_Work item_:
Write out exactly the lines from the one with "Some of the words" through the last line of the data below, but not the pictures.

_Records shown_:
- - - - -

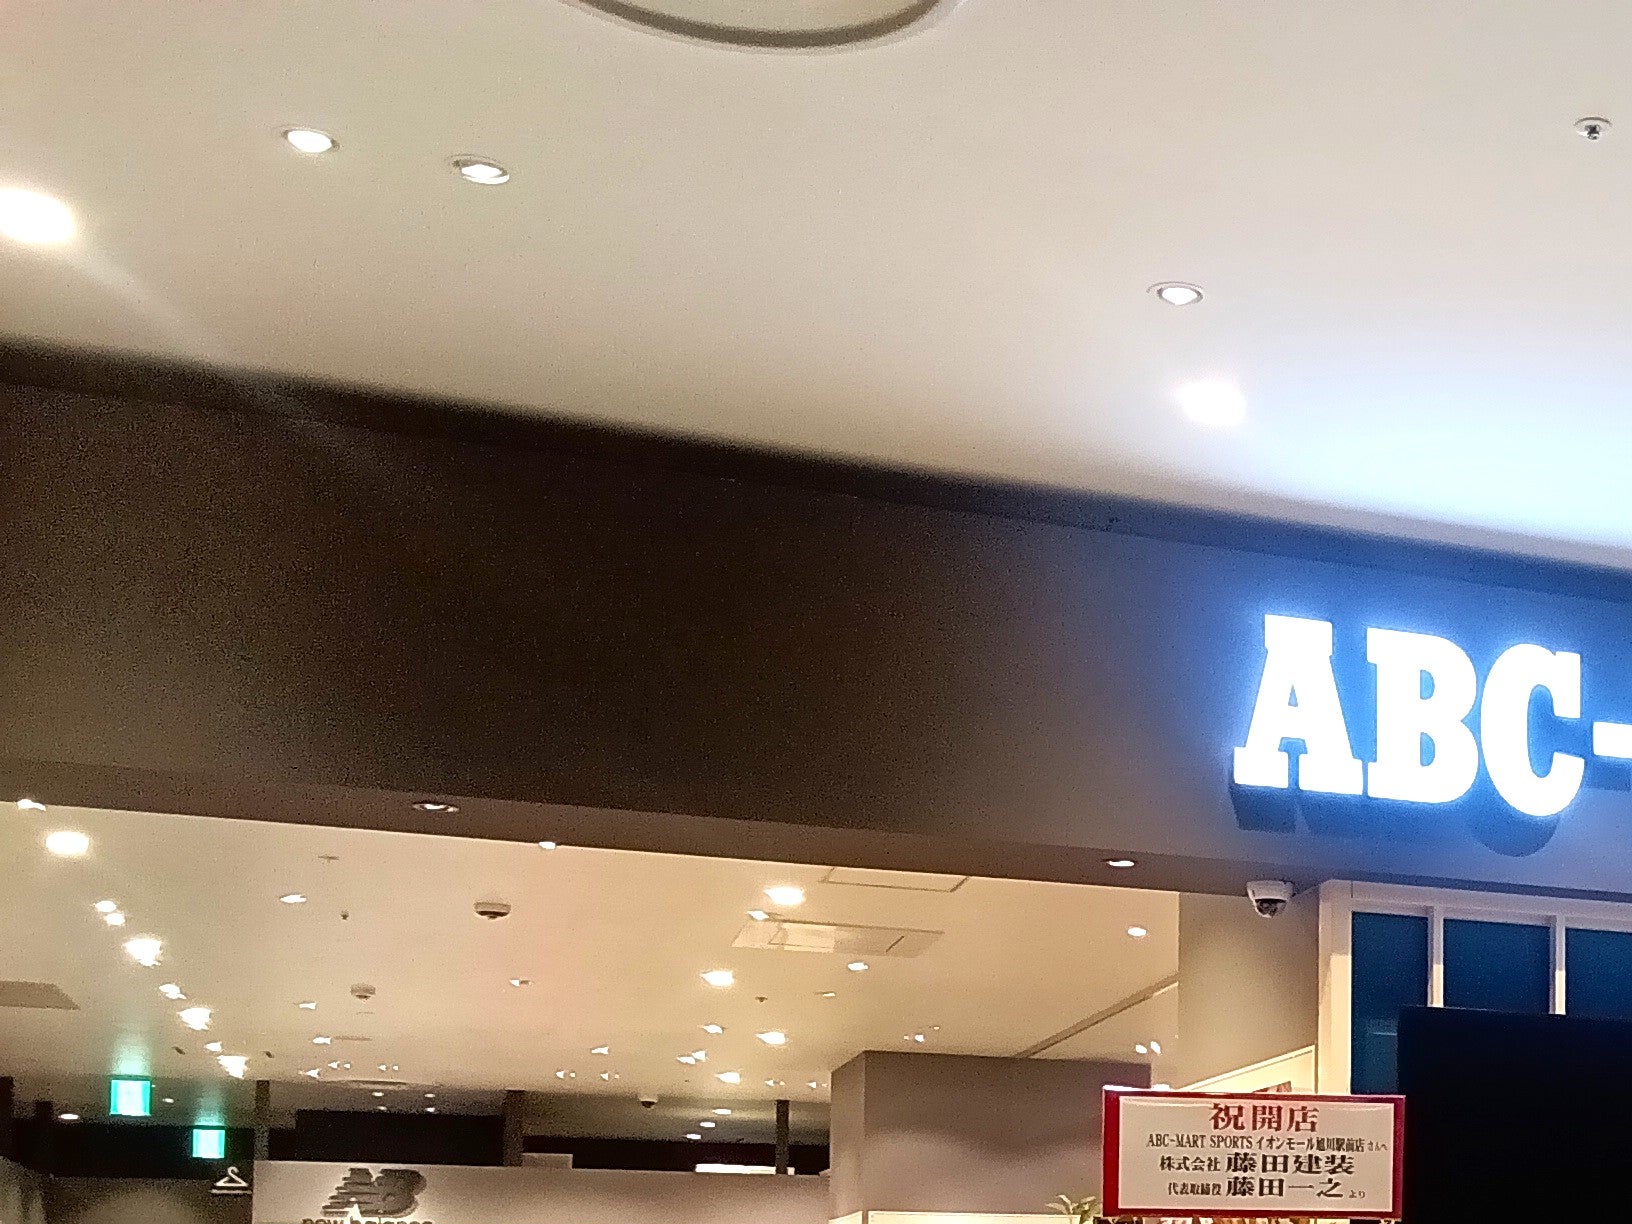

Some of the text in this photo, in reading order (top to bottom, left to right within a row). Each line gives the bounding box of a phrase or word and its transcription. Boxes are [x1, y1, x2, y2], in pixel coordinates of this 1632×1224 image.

[1209, 1102, 1320, 1133] 祝開店
[1147, 1133, 1206, 1149] ABC-MART
[1209, 1135, 1253, 1150] SPORTS
[1159, 1152, 1355, 1175] 株式会社 藤田建装
[1226, 1176, 1344, 1199] 藤田一之
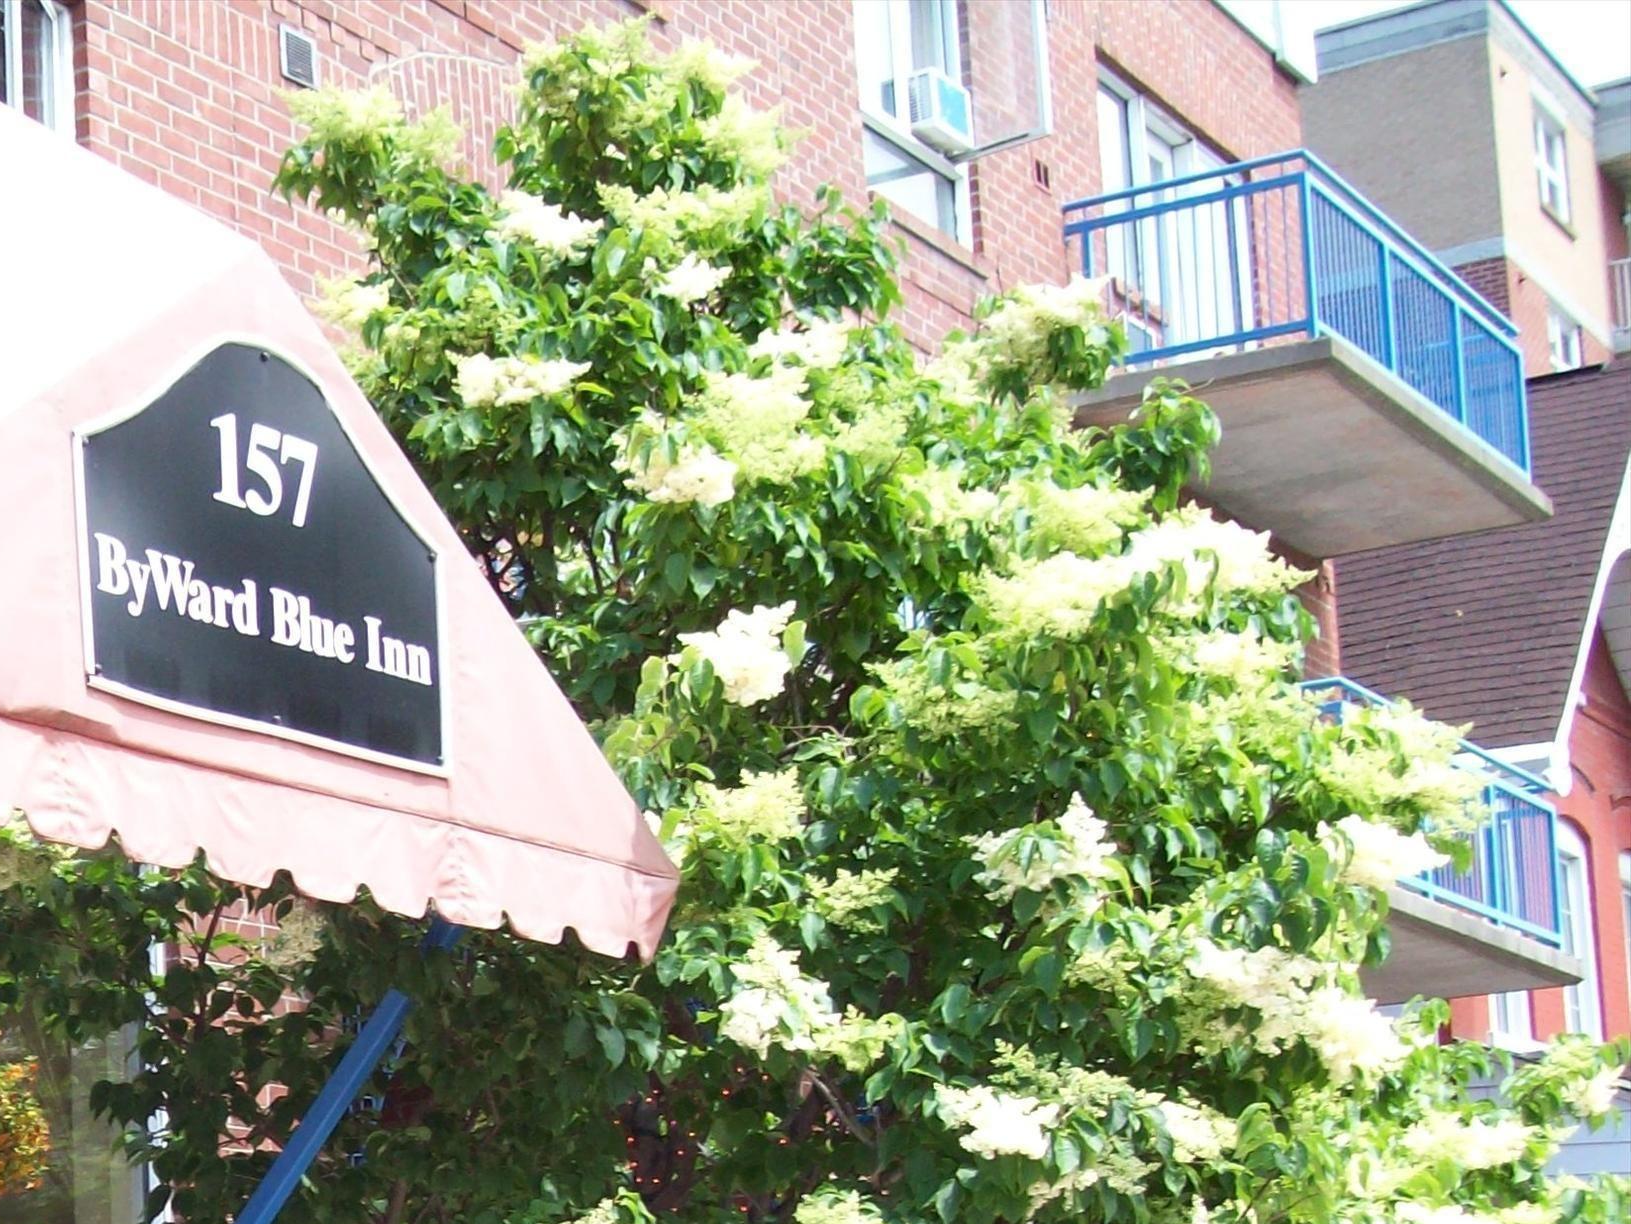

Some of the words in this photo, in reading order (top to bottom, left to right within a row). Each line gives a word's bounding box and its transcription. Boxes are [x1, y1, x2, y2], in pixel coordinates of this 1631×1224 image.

[210, 413, 318, 527] 157
[94, 533, 260, 636] ByWard
[269, 587, 355, 663] Blue
[363, 616, 432, 686] Inn
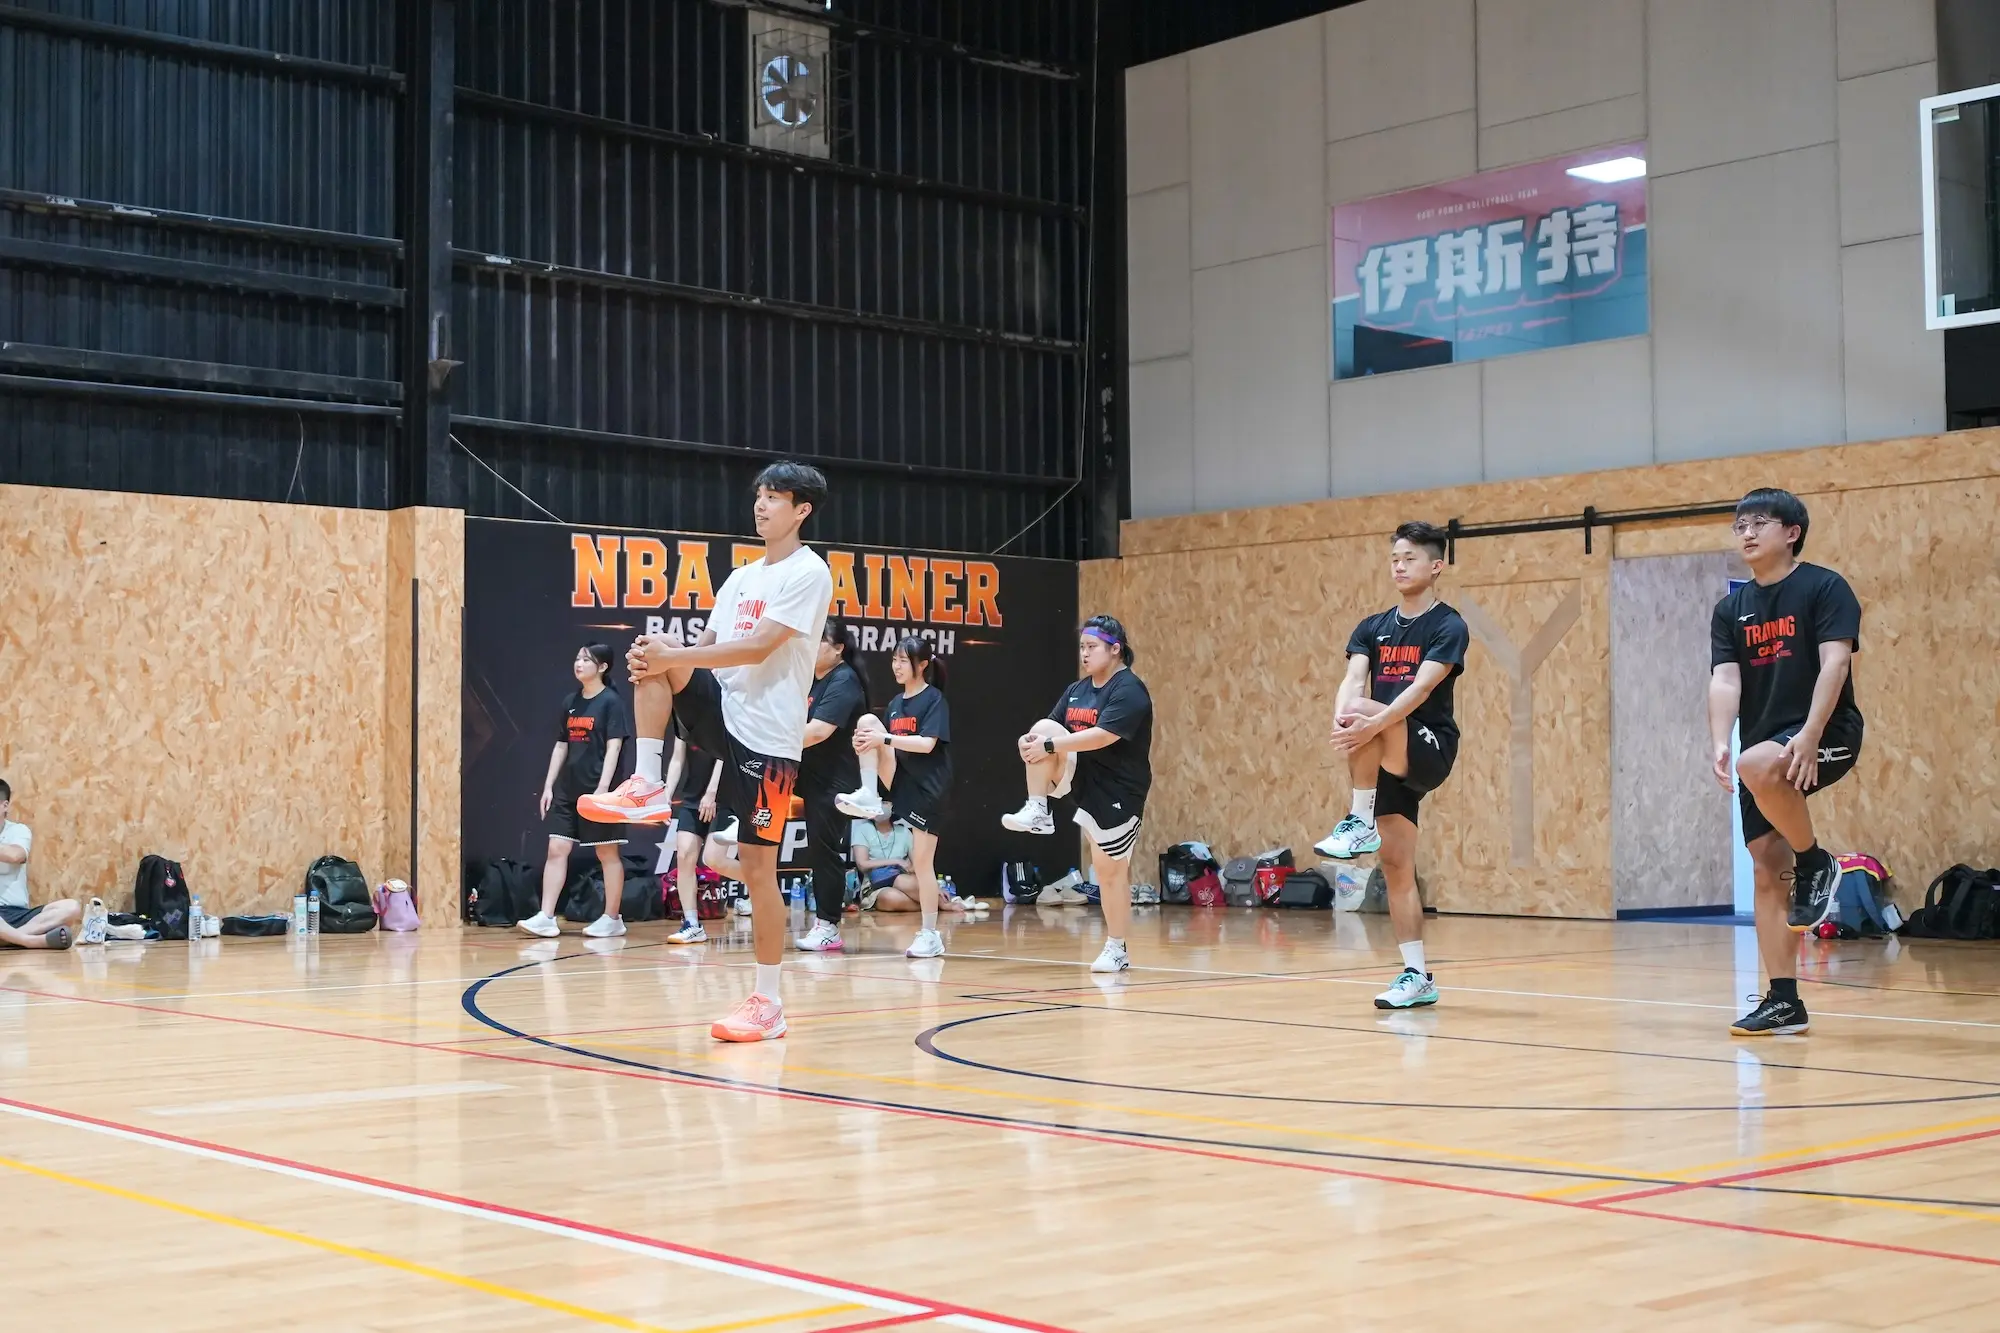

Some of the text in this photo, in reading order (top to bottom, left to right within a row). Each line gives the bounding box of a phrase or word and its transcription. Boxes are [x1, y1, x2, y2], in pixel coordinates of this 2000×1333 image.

[1467, 193, 1515, 210] VOLLEYBALL
[1518, 187, 1539, 199] TEAM
[1358, 203, 1618, 316] 伊斯特
[571, 532, 717, 610] NBA

- - - - -

_Solution below_:
Some of the words in this photo, in reading order (top to bottom, left to right within a row). Each line gives a word's bounding box and its transcription. Boxes are [x1, y1, x2, y2], in pixel coordinates of this 1631×1224 image.

[210, 413, 318, 527] 157
[94, 533, 260, 636] ByWard
[269, 587, 355, 663] Blue
[363, 616, 432, 686] Inn

Some of the text in this photo, in reading order (top to bottom, left to right within a row). Each line gives the bounding box of a phrase or word and its transcription. Boxes are [x1, y1, x2, y2], in pixel coordinates of this 2000×1333 image.

[1467, 193, 1515, 210] VOLLEYBALL
[1518, 187, 1539, 199] TEAM
[1358, 203, 1618, 316] 伊斯特
[571, 532, 717, 610] NBA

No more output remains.